Ce développement reflète un virage plus large de l’industrie vers les modèles du monde capturant la causalité physique. Contrairement à l’IA traditionnelle entraînée sur du texte internet, l’IA physique nécessite une compréhension du mouvement, des collisions et de la dynamique spatiale. Des acteurs majeurs comme Google DeepMind, OpenAI, Tesla et d’autres poursuivent des approches similaires, signalant une compétition de plateformes émergente.
NVIDIA construit un écosystème autour de Cosmos via la Cosmos Coalition, avec des partenaires tels que Agile Robots, Black Forest Labs, Runway et d’autres. L’initiative vise à standardiser les outils et accélérer l’adoption du développement d’IA basé sur la simulation dans la robotique et les systèmes autonomes.

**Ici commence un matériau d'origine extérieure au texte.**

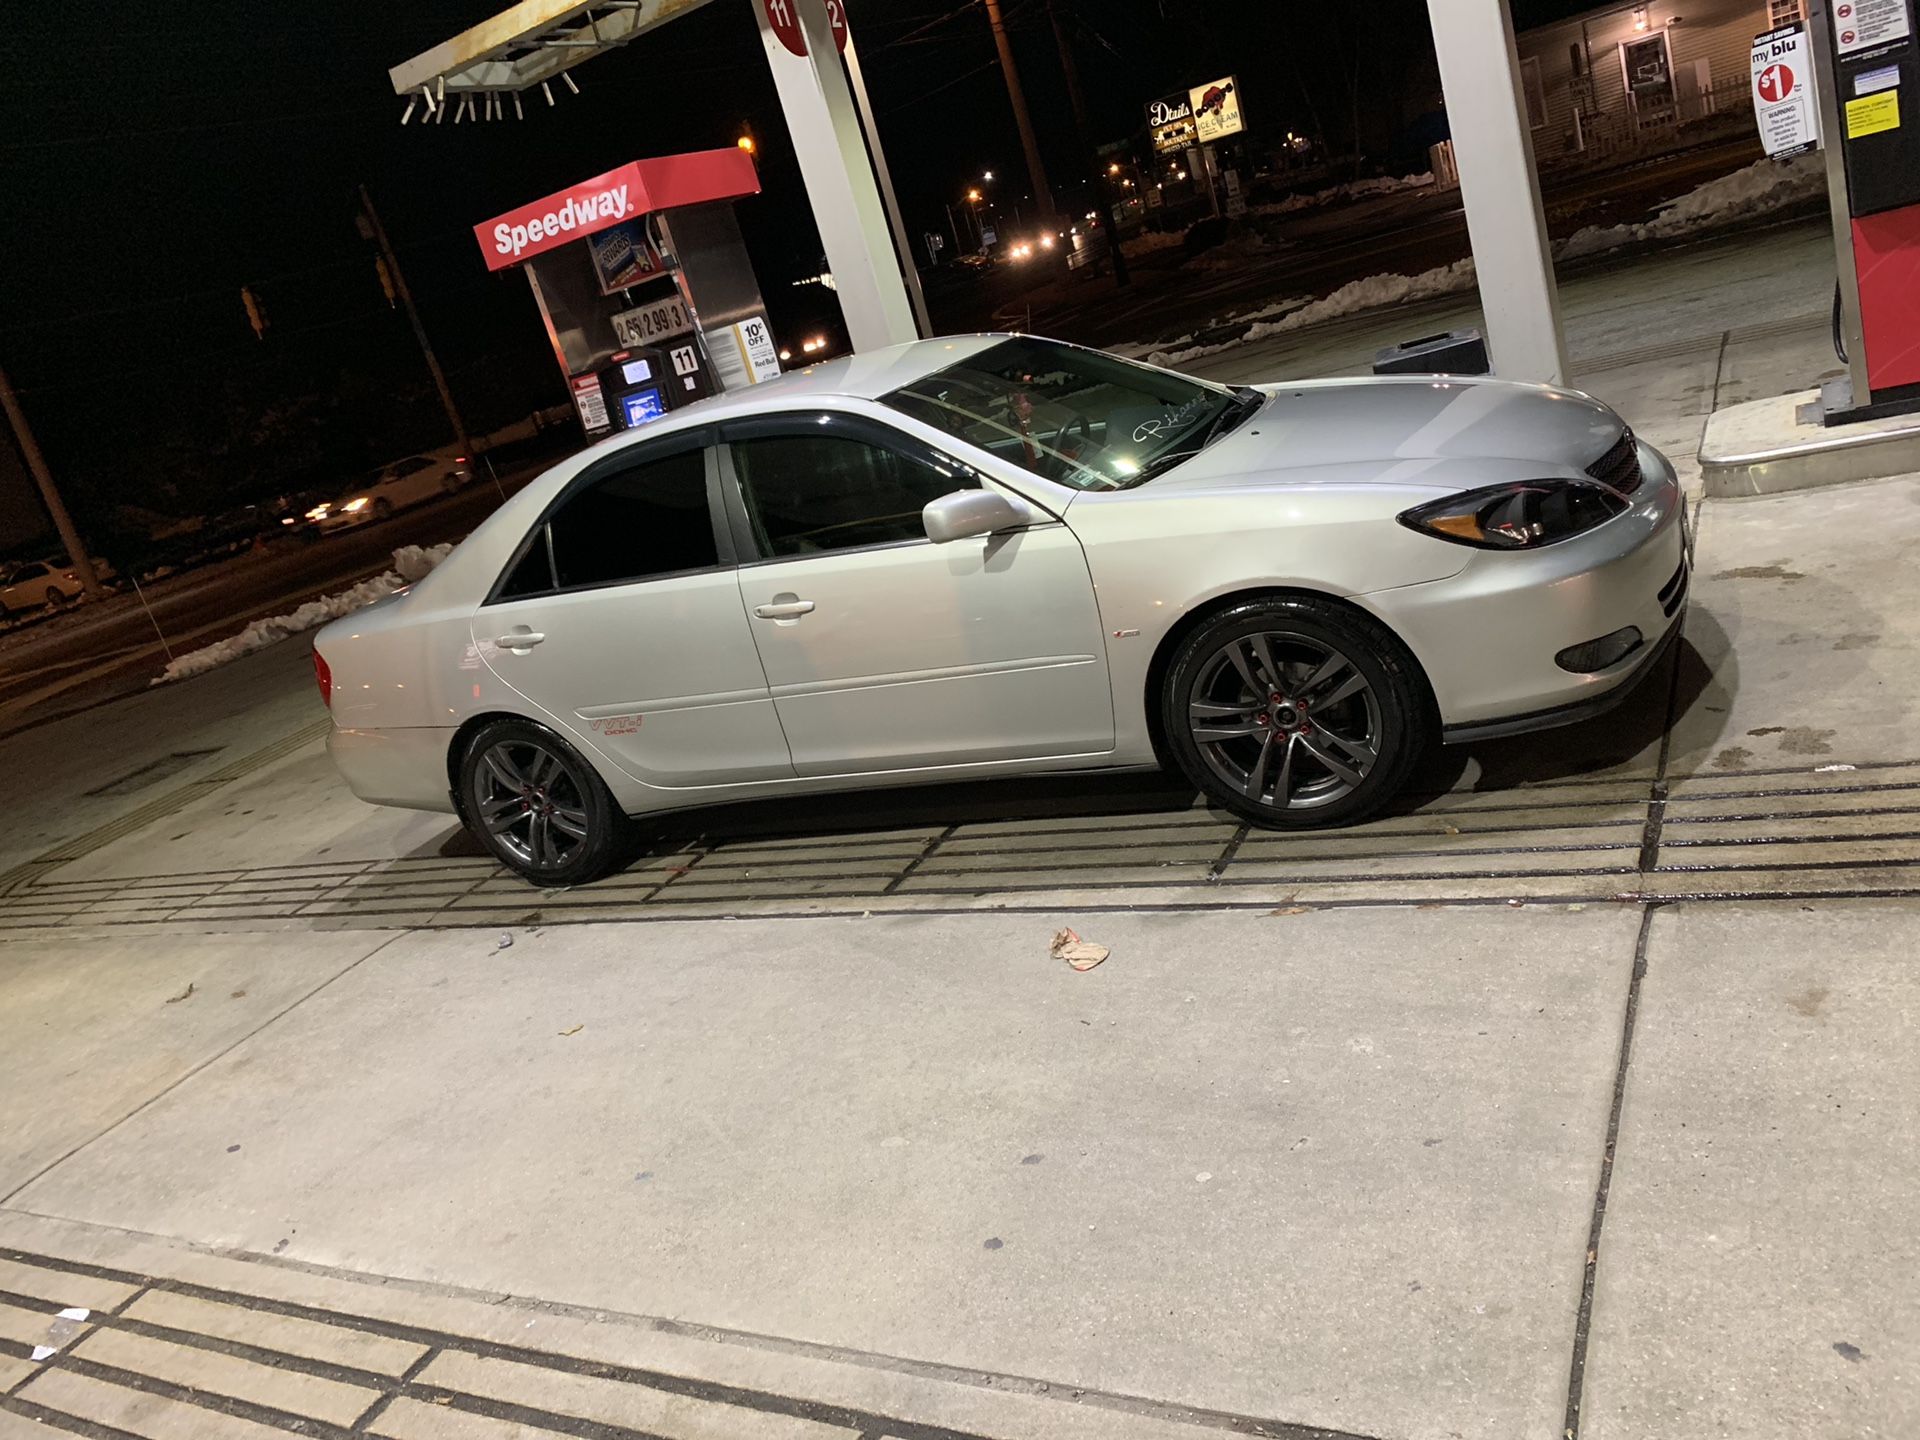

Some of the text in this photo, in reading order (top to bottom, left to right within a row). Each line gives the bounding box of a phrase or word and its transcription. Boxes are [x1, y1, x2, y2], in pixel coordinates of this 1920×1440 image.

[770, 0, 792, 27] 11
[1752, 40, 1797, 63] my blu
[1761, 65, 1784, 99] $1
[1150, 101, 1191, 126] Dtails
[494, 184, 628, 256] Speedway
[748, 335, 765, 346] OFF
[675, 349, 695, 371] 11
[755, 357, 776, 368] Red Bull

NVIDIA a également lancé Vera, décrit comme le premier CPU conçu pour les charges de travail d’IA agentique. Contrairement aux GPU optimisés pour l’entraînement des modèles, Vera se concentre sur la coordination de tâches comme l’usage d’outils, le déplacement de données et l’exécution de workflows. L’entreprise revendique des gains de performance jusqu’à 1,8× par rapport aux processeurs x86 traditionnels sur ces charges.
Les systèmes agentiques se distinguent des chatbots en exécutant des tâches multi-étapes, comme lancer du code, interroger des bases de données et interagir avec des outils externes. Cette évolution augmente la demande sur les CPU dans les centres de données, positionnant Vera comme un élément clé de ce que NVIDIA appelle les « usines d’IA » du futur.

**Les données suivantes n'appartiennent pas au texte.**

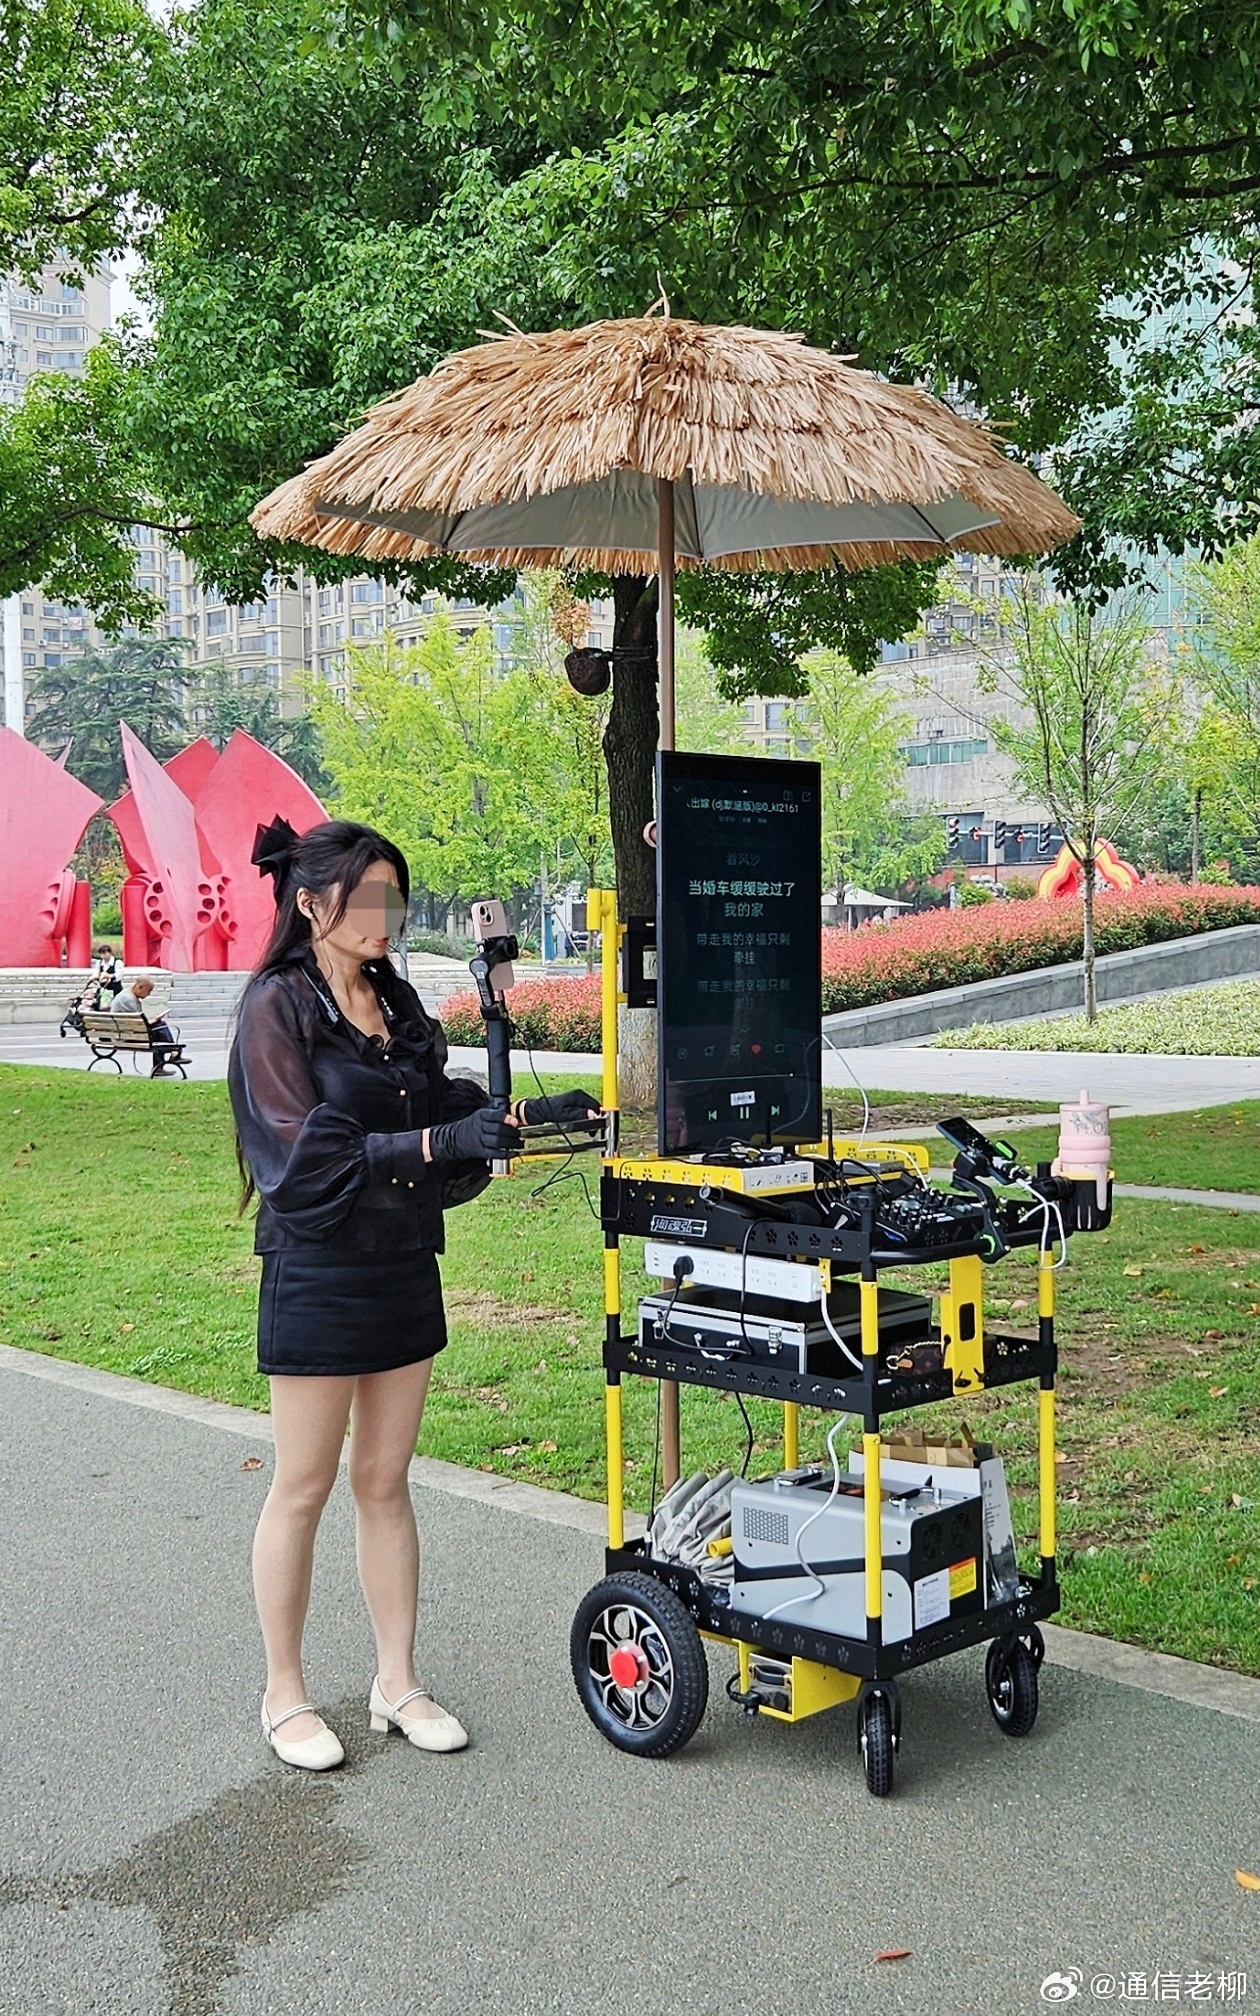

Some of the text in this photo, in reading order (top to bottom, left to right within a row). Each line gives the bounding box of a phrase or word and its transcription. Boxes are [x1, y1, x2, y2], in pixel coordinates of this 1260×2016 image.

Des entreprises comme Anthropic, OpenAI, xAI, Oracle Cloud et CoreWeave devraient adopter des systèmes basés sur Vera. NVIDIA estime l’opportunité de marché jusqu’à 200 milliards de dollars, avec des partenaires matériels comme Dell, HPE, Lenovo et Asus préparant des déploiements à grande échelle.
Pour compléter la pile, NVIDIA a introduit le robot humanoïde de référence Isaac Groot. Construit sur un châssis Unitree, le robot mesure près de 1,80 m, pèse environ 150 livres et dispose de 75 degrés de liberté, incluant des mains tactiles avancées à cinq doigts pour des tâches de manipulation complexes.
Le robot intègre une vision stéréo avec un champ de vision de 140°, des caméras montées aux poignets et une IA embarquée alimentée par le système Jetson AGX Thor délivrant 270 téraflops. Cela permet perception, planification et contrôle en local sans dépendre entièrement de calculs distants.
La stratégie de NVIDIA vise à unifier matériel et logiciel via des plateformes comme Jetson, Omniverse, Isaac et Cosmos. En proposant un système de référence complet, l’entreprise cherche à devenir la couche d’infrastructure par défaut pour la robotique, à l’image de son rôle dans le calcul IA.
Des développements parallèles montrent des déploiements plus immédiats. Foundation Future Industries a testé des robots humanoïdes en Ukraine pour des tâches logistiques dangereuses, comme le transport de fournitures en zones à risque. L’entreprise a obtenu un contrat du Pentagone de 24 millions de dollars et explore des applications de défense plus larges.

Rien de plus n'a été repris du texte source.